Twinity is a 3D online virtual world created by Metaversum GmbH of Berlin, Germany, and offers accurate virtual versions of real-world cities. It only runs natively on the Windows platform.

Twinity first opened its doors to public beta in September 2008, and I joined up for a looksee in November 2008. I must admit, I did not like it very much, and it used chat bubbles, which I hate (yes, I know Blue Mars uses chat bubbles, but there is a good chance they will give us the ability to switch that off). It uses the Global as the in-world currency, which you can use to buy new furniture and clothing.

So, what has changed in the 14 months since I last visited?

First Impressions
The first thing I was surprised to find was that Twinity is still in Beta.The next thing I noticed is that the number of cities has increased from 1 to 3. In December 2008 there was only Virtual Berlin, but now Virtual London, and Virtual Singapore have been added.There also appears to be lots of other locations added by tenants of Twinity.

A mini-map has now been added that uses Google maps, and shows the location of other avatars, places of interest and stores. Any of these can be deselected to clear up the map. It has a distinct GPS look to this map, as you see your avatar icon moving along the roads on the map as you explore the city.

Also new is a System button that brings up various preferences:

  • The General tab allows you to select whether your name or other avatars' names are displayed or not.
  • The Display tab allows you to select the resolution, windowed mode, anti-aliasing, texture quality (auto, high, medium or low), reflection mode (off, water only, mirror only, or all), mirror depth, and level of detail.
  • The Sound tab is where you can set the sound master volume, enable your microphone for voice chat, set the voice and mike volume, and select your sound input and output devices.
  • The Controls tab allows you to select Basic (normal keyboard characters are used for chatting in the chat window, and arrow keys are used for movement), or Action Games (you must press before chatting using the keyboard, else WASD are used for movement).
  • The Record tab permits you to set the Screenshot folder, set the Screenshot hotkey, and a hotkey for hiding the GUI.
The lower toolbar has some nice features:

The first icon brings up the mini-map, next is the places browser, then the Messaging window. The Community icon is next, allowing you to see what events are on, join groups, and search for other residents, complete with their profile (from here you can also send them a Private Message, a Friendship Request, or teleport to them). The Instant Messaging and the Change Avatar (body and clothes) icons then follow. The final two icons bring up the Library (Inventory) and Animations browser.

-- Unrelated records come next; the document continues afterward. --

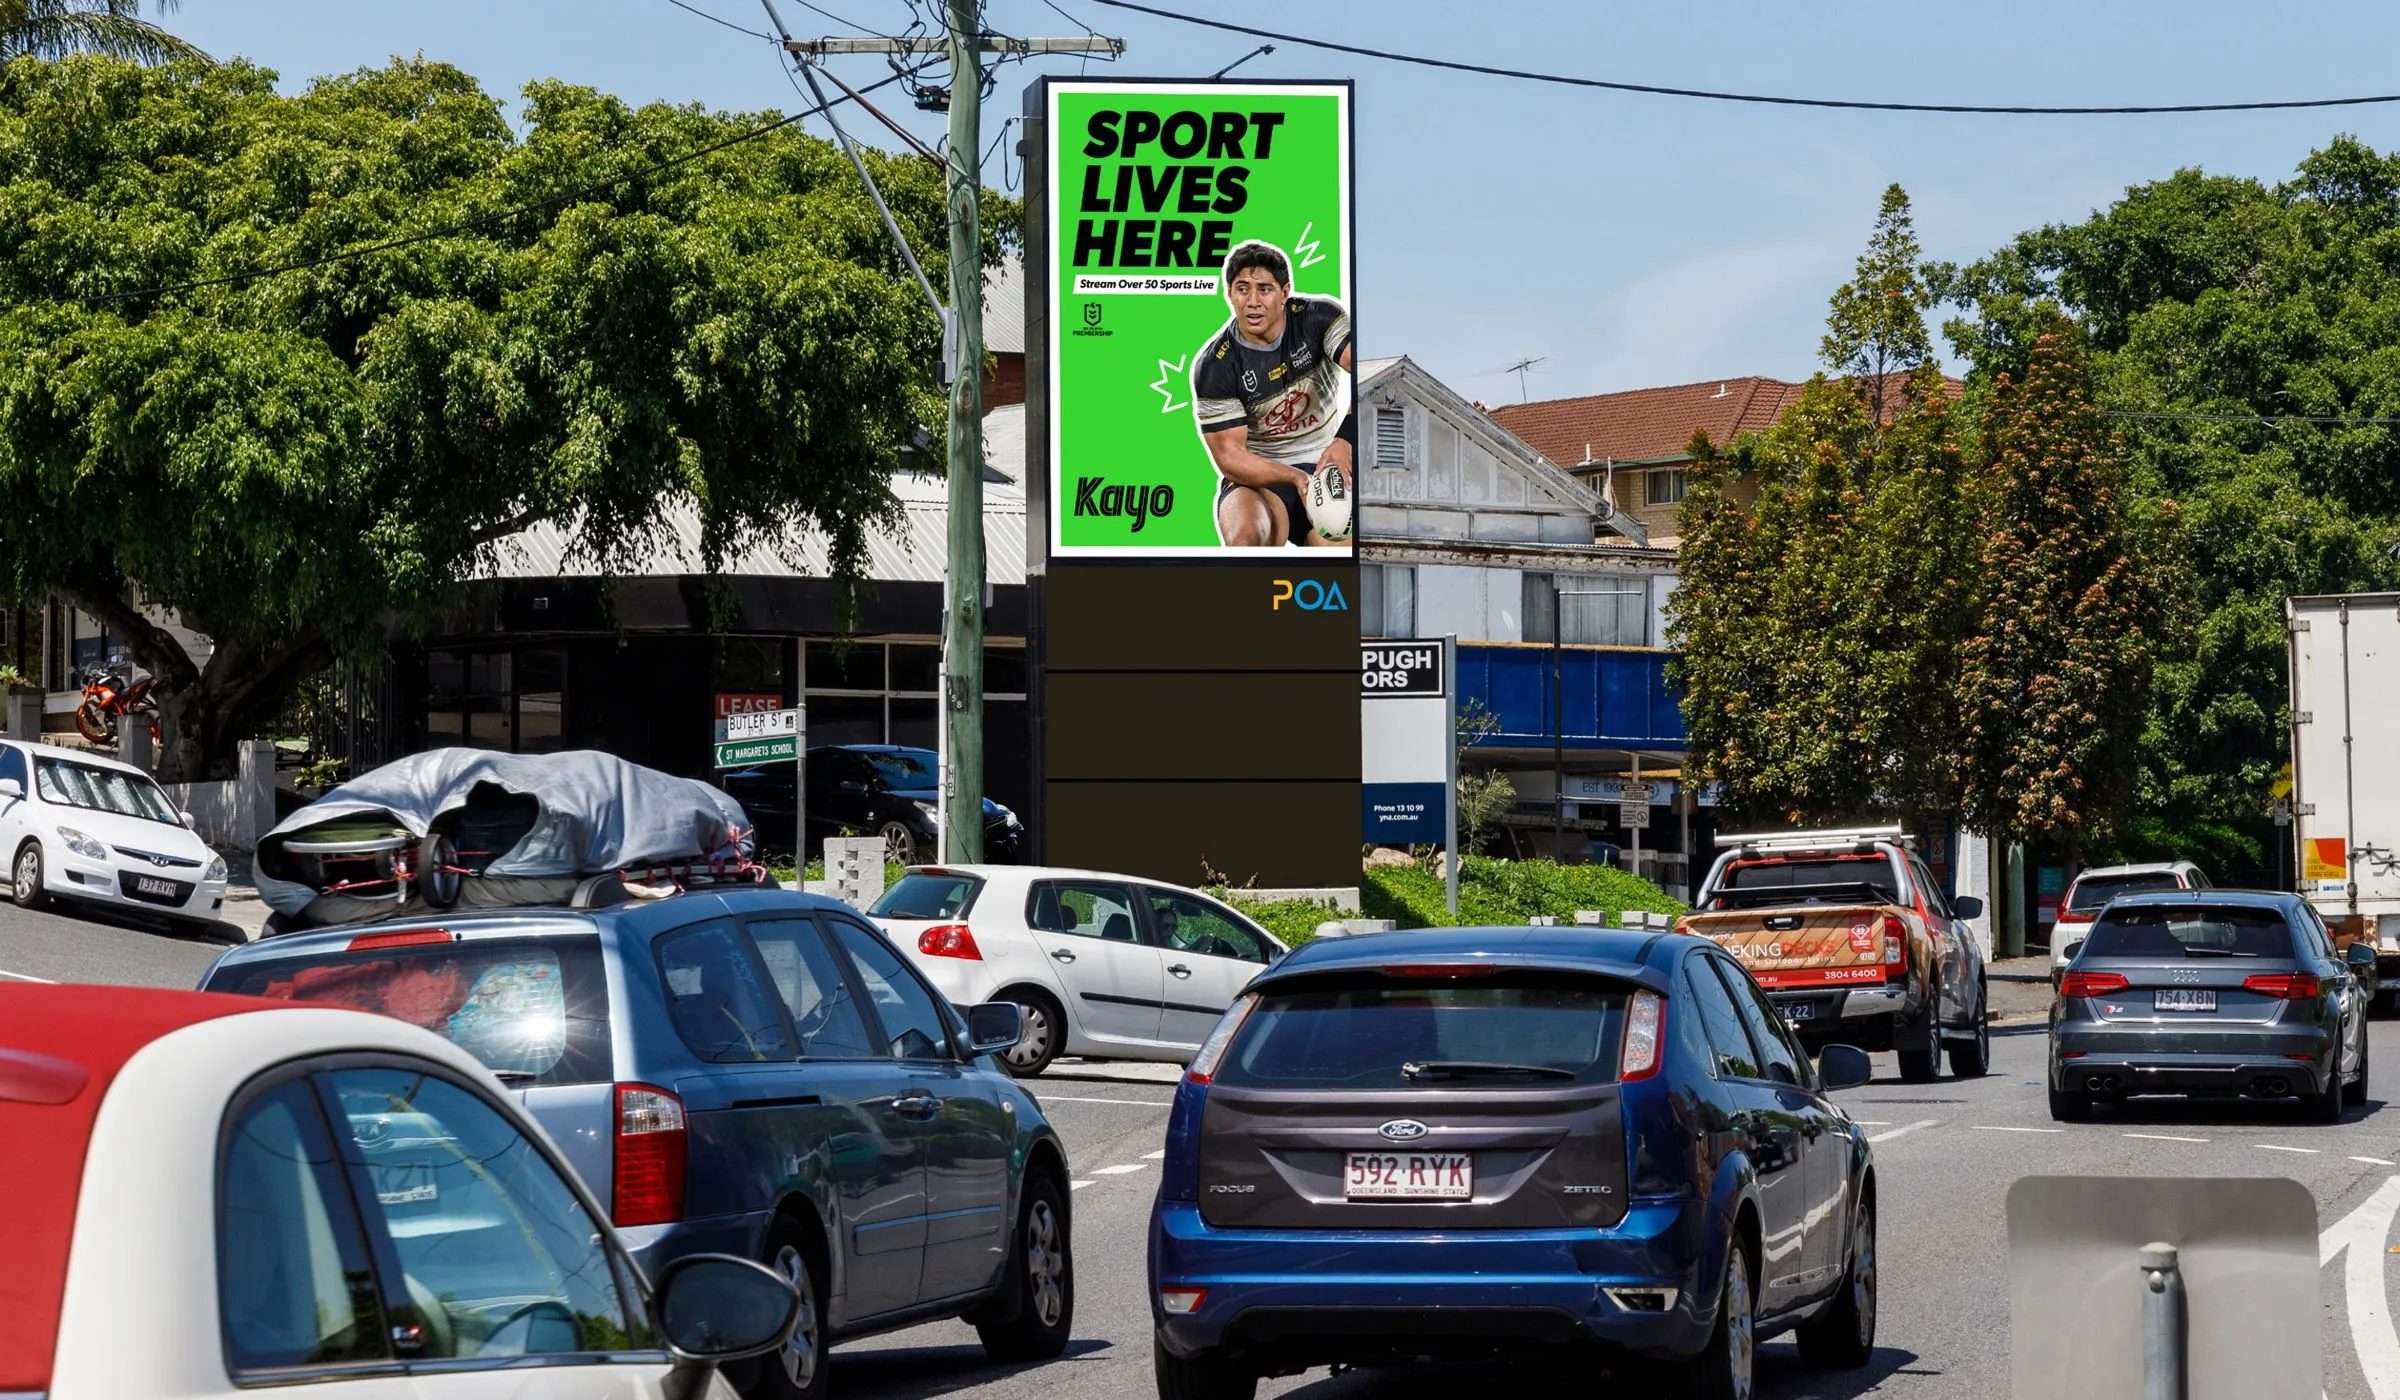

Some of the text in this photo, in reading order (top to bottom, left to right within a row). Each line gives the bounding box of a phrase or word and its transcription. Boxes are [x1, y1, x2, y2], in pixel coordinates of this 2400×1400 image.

[1082, 110, 1286, 160] SPORT
[1080, 164, 1251, 214] LIVES
[1072, 219, 1234, 268] HERE
[1080, 278, 1214, 291] Stream Over 50 Sports Live
[1074, 477, 1125, 533] Kayo
[1273, 579, 1348, 611] POA
[1362, 650, 1432, 670] PUGH
[1361, 671, 1409, 688] ORS
[720, 698, 777, 715] LEASE
[729, 713, 766, 731] BUTLER
[771, 711, 782, 727] ST
[725, 743, 794, 760] ST MARGARETS SCHOOL
[1582, 782, 1601, 793] EST
[1373, 804, 1425, 812] Phone 13 10 99
[1379, 814, 1419, 823] yna.com.au
[1764, 957, 1803, 965] Outdoor
[1824, 970, 1849, 980] 3804
[1851, 968, 1877, 979] 6400
[1388, 1123, 1417, 1136] Ford
[1209, 1185, 1255, 1193] FOCUS
[1351, 1187, 1465, 1196] QUEENSLAND SUNSHINE STATE
[1563, 1185, 1612, 1193] ZETEC
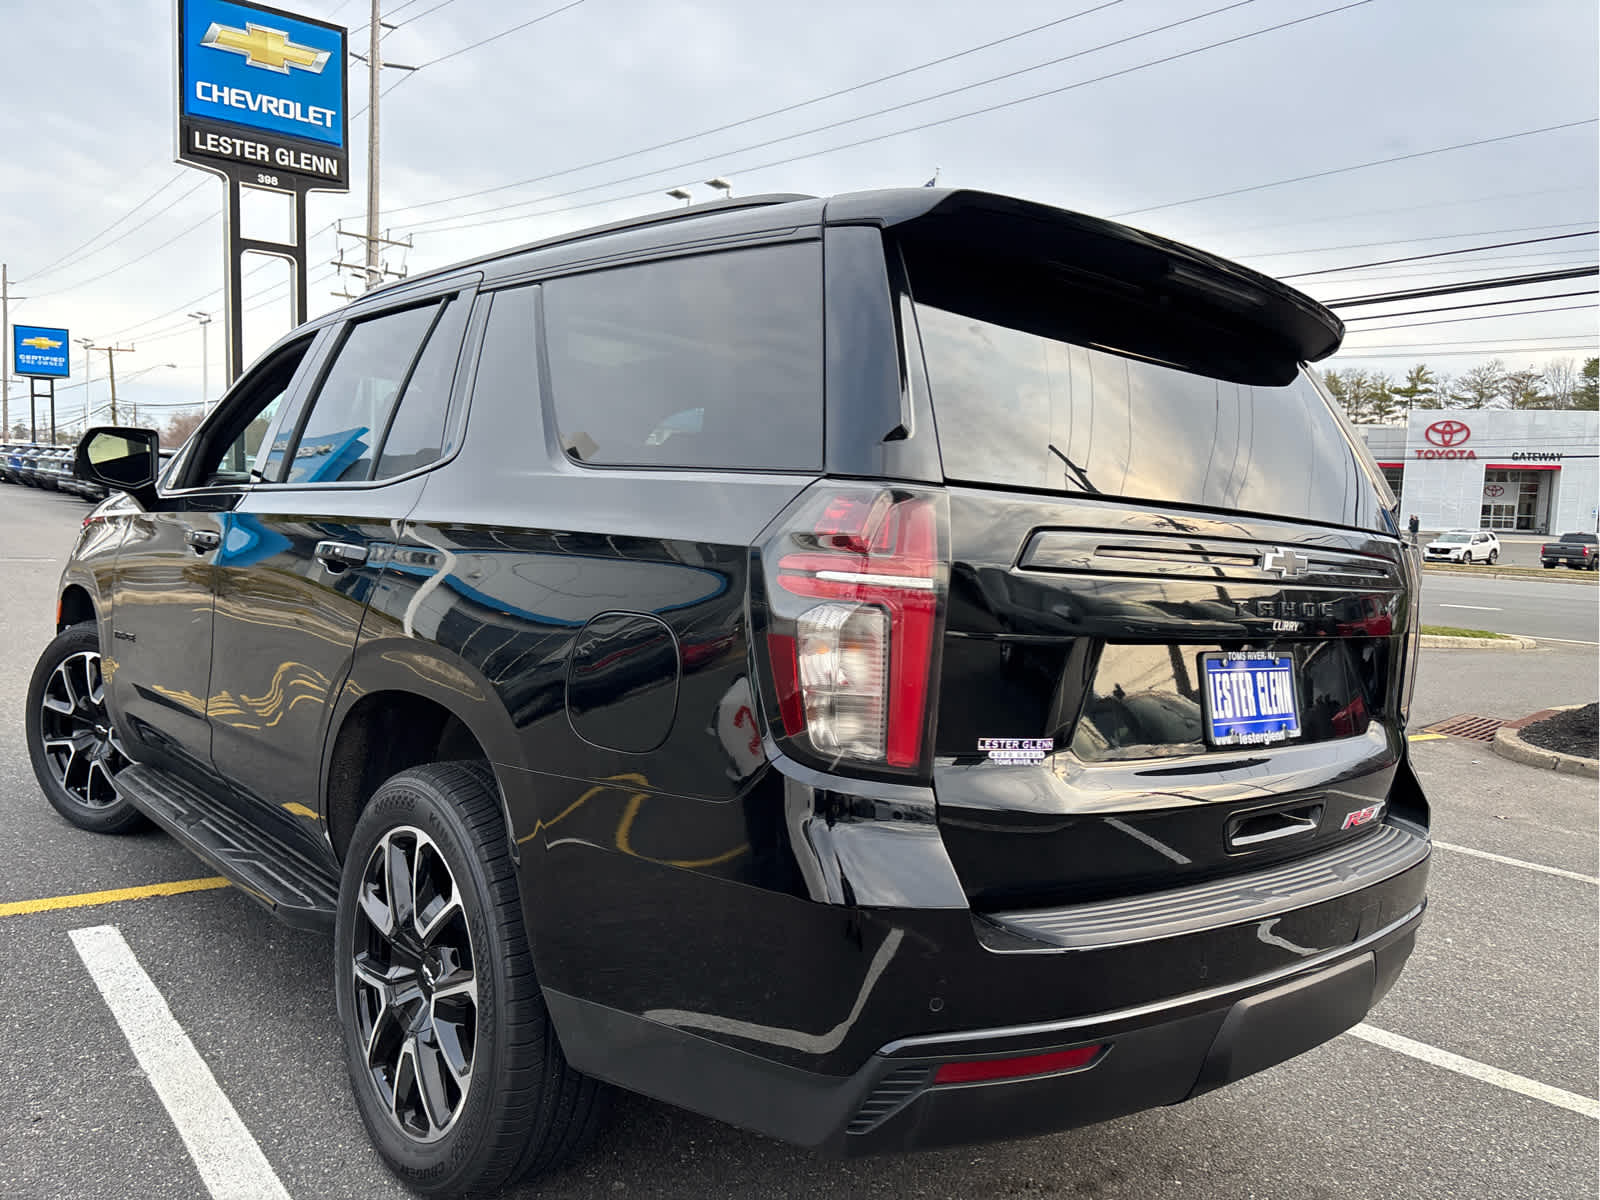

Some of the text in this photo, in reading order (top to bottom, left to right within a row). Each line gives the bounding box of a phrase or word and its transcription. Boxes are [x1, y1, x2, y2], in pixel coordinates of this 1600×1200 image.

[196, 81, 336, 128] CHEVROLET
[195, 131, 338, 176] LESTER GLENN
[257, 174, 278, 186] 398
[19, 354, 65, 363] CERTIFIED
[1415, 450, 1477, 460] TOYOTA
[1511, 451, 1562, 461] GATEWAY
[1272, 620, 1300, 632] CURRY
[1228, 651, 1246, 661] TOMS
[1209, 670, 1294, 719] LESTER GLENN
[978, 740, 1053, 749] LESTER GLENN
[1341, 801, 1385, 829] RS
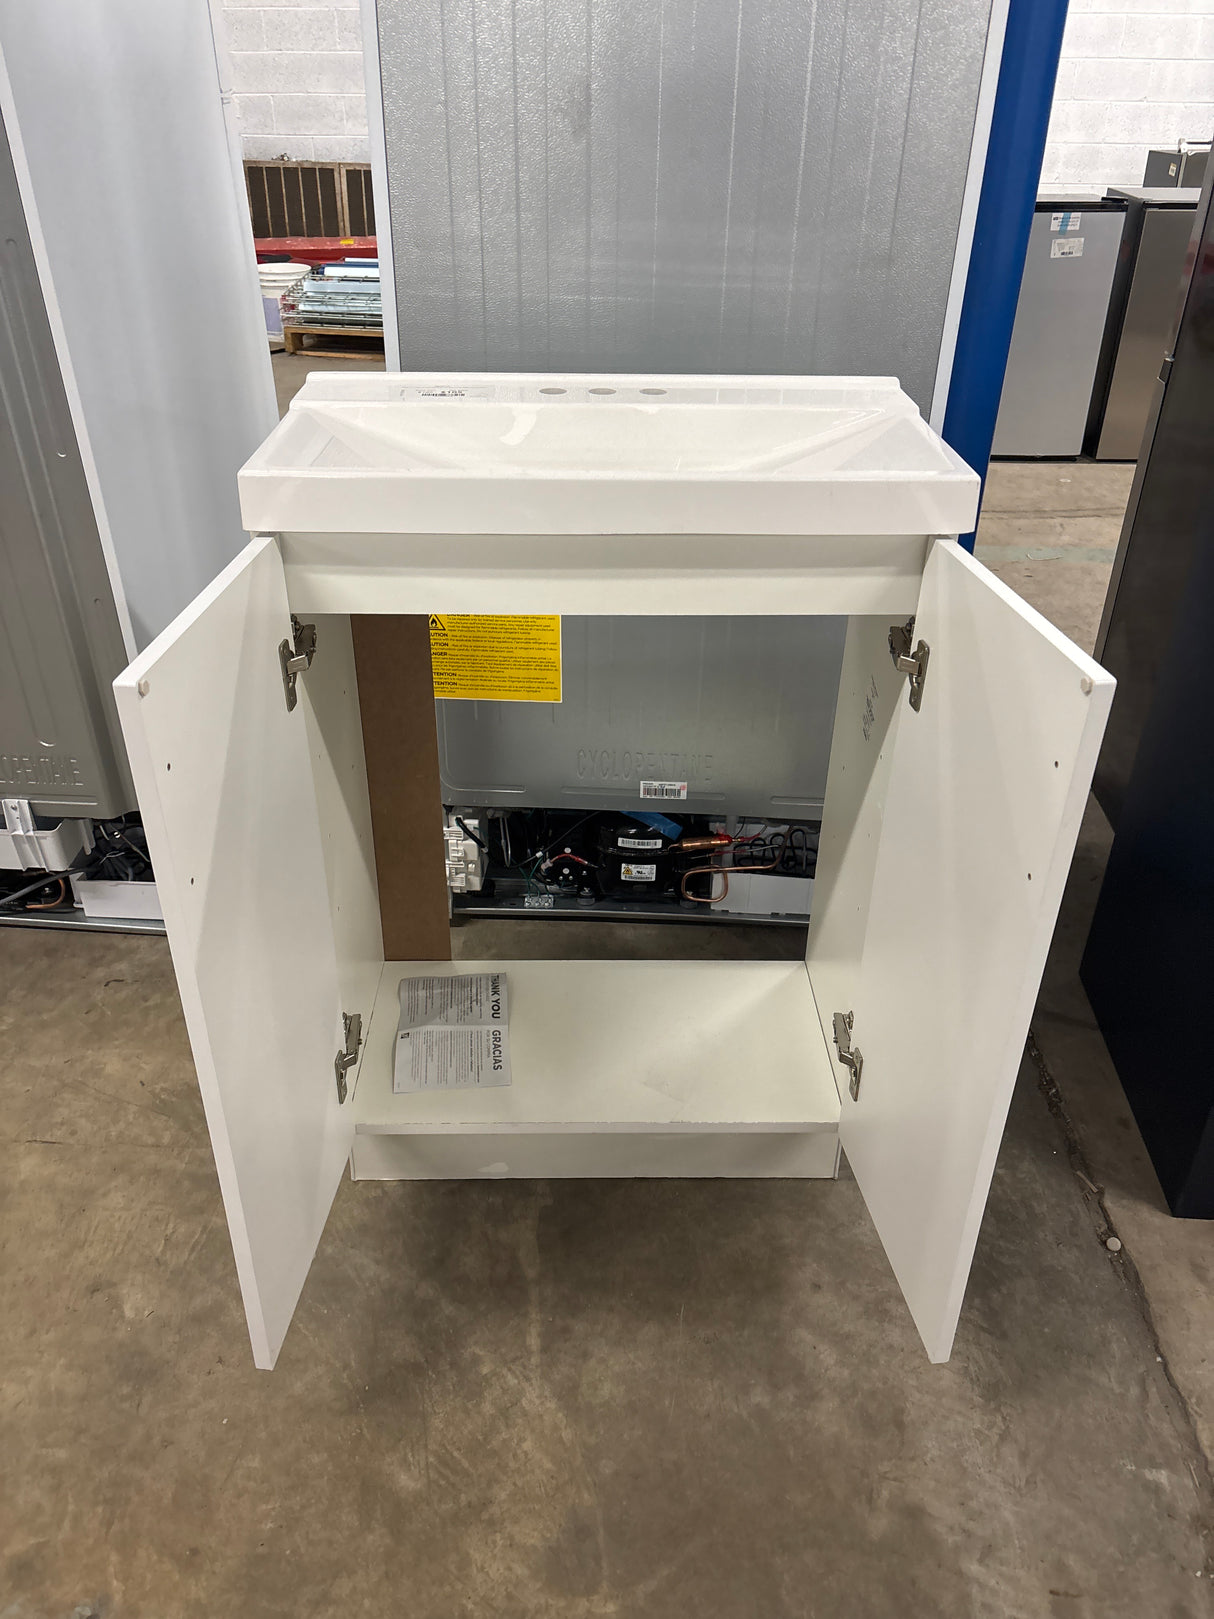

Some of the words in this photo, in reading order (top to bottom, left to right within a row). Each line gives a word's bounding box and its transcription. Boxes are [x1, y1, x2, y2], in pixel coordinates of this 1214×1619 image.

You can use either the arrow keys or the WASD keys depending on which mode you select. You can walk faster by holding down the Shift key. The movement is smooth, however, when watching other avatars walking by they often suddenly rise into the air by a metre or so (not jumping), or walk into the floor, for no apparent reason. Many of the avatars around me appeared to be in running mode, but not actually moving. The mouse thumbwheel allowed me to zoom in and out with my camera, while holding down the right mouse button and dragging the mouse allowed me to pan and tilt my camera.

Twinity has many of the core features you could wish for in a Virtual World. However, there are no in-world building tools, but you can upload images and 3D objects (using the Collada format), at 1 Global per object. The avatars still look awful. You can buy or rent property in Twinity from the main website,

It will be interesting to see what the final feature set will include when Twinity eventually comes out of beta.